As the plane hit turbulence, I could hear the mother’s words as she tried to calm his nerves. As I glanced back at them, wistfully, thinking about our Gabriel and missing out on opportunities like this with him, I suddenly realized that I was not the only one watching this duo. But those others were looking with annoyance and disdain.
I could hear the loud whispers from the passengers across the aisle from me about how he was interrupting their sleep and that the mother should ‘make him be quiet.’ I watched as a man in the row ahead of me kept shaking his head and putting it in his hands whenever this young man would cry out and his mother would comfort him.

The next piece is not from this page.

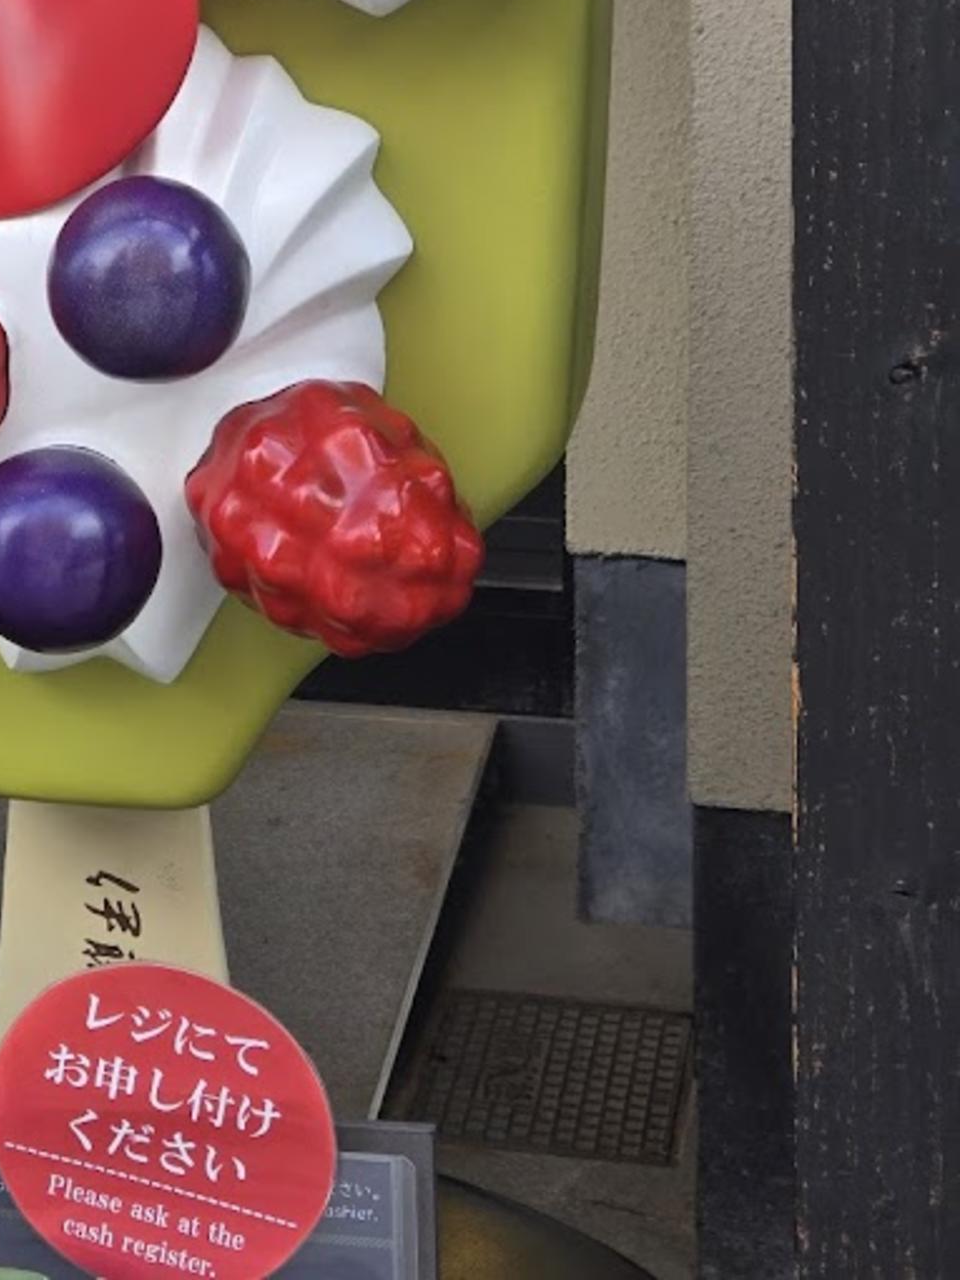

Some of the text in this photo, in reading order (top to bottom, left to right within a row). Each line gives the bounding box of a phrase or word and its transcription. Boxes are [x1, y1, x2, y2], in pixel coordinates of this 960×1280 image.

As I watched all of this occur, I couldn’t help but think about how our world today views lives both inside and outside of the womb that are “different” or disabled. We know that as many as 90% of children with Down syndrome are aborted. We know that children with even suspected medical issues are targeted for abortion, whether it’s a simple cleft palate or a complex heart problem. Anyone who may not fit the mold of society’s “normal” are, by and large, aborted.
Not only is this a tragic loss of human life, but I believe that this is a tragic loss to our world. By ending these lives, we surround ourselves, more often than not, by only those lives that are largely similar to our own. When we are surrounded by such sameness, it becomes more and more difficult for many to be appreciative and simply, even tolerable, of those who are different than them.
Maybe if 90% of all children with Down syndrome were born instead of aborted, the man on the plane shaking his head in annoyance would have had more opportunities to be around individuals with strengths and needs that are uniquely theirs. Maybe if those 90% of children with Down syndrome were born, the people on the plane complaining about the noise would have been more used to being around individuals who voice their discomfort and who are, in turn, comforted.
What a tragic disservice has been done to children, to families, and ultimately to our world, as a result of targeting children with disabilities for abortion. In a society that screams for tolerance and diversity, it seems as if we are in search of a rather homogenous society of the “perfect”. It is an ugly cycle: the more we abort children with disabilities, the fewer the opportunities to learn from them, the more ready we are to abort those who are “different.”
Until people respect, appreciate, and understand the importance of every human life, from the moment of conception and regardless of circumstance, they will be far less likely to see the importance of protecting them and allowing them to live. Ending the systemic abortion of lives deemed “different” or disabled is an important and integral first step in breaking this cycle of intolerance and discrimination.
As an abortion survivor, this fight to protect ALL human lives is personal. As a mother who was blessed with a son who would have been born with special needs, this fight is necessary.
Gabriel, fighting this side of the fight to end abortion, is in honor of you.